Aquello ocurrió en noviembre del año pasado. Ese día, el Ministerio de Tecnologías de la Información y las Comunicaciones (MinTic) y su programa Computadores para Educar llegaron hasta El Estero. La meta era dejar en manos del profe Juan Carlos treinta tabletas dotadas con aplicaciones y contenidos educativos preinstalados, adecuados para cada grado, que no requieren conexión a internet y que facilitan y modernizan la enseñanza en regiones tan apartadas como esta. Pero sucede que en El Estero sus habitantes no cuentan con servicio de energía y en esas condiciones resultaba imposible el uso de los equipos.

[La magia de encender una tableta en medio del desierto]

Cifras que se suman al esfuerzo de entregar en los últimos ocho años, cerca de 2.100.000 equipos en instituciones públicas de todos los municipios del país.

Foto: 

Lucy Lorena Libreros

Enterado de esa dificultad, Computadores para Educar hizo lo que en otros nueve departamentos del país. Llevar energía a las instituciones educativas a través de páneles solares. En la ranchería El Estero instalaron cuatro y desde entonces –confiesa el profe Juan Carlos– nada volvió a ser igual en la vida de sus alumnos. 
Casi cinco meses después, el maestro revive la historia justamente desde esa ranchería. Su voz se escucha al otro lado de la línea, interrumpida a veces por los vientos del desierto.
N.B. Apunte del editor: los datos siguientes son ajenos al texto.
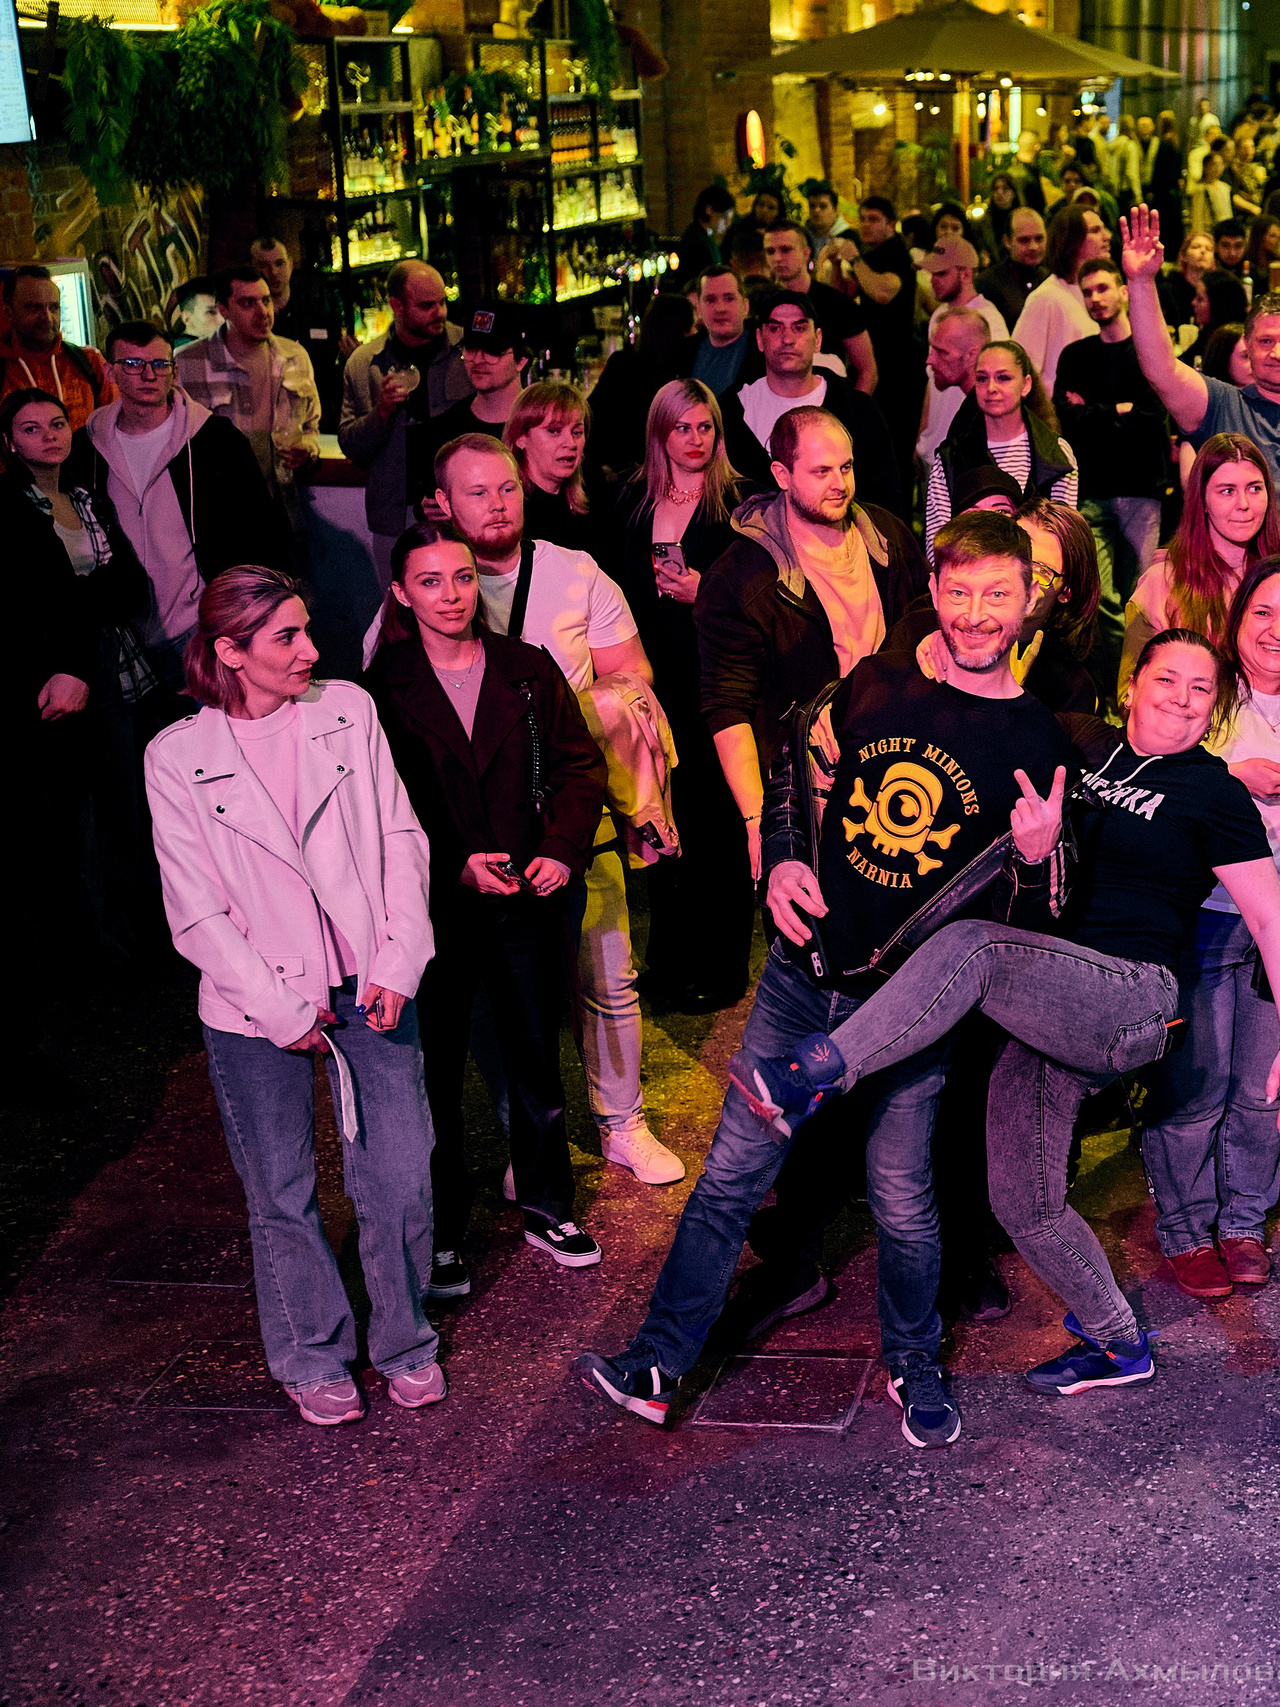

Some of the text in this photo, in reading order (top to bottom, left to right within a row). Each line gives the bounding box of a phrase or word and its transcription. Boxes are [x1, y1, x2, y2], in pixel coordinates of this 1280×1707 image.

[858, 737, 980, 816] NIGHT MINIONS
[846, 846, 913, 889] NARNIA
Cuenta que la llegada de la energía solar es poco lo que utiliza su tablero. “Es que con esas tabletas los niños pueden hasta aprender a sumar. Es una manera divertida de aprender porque la aplicación de matemáticas, por ejemplo, es interactiva y pedagógica y eso a los niños los engancha mucho más que uno pararse a hablar y hablar o que ellos llenen cuadernos. Y es una manera de que niños indígenas se acerquen a la tecnología, algo a lo que poco se tiene acceso en regiones apartadas”.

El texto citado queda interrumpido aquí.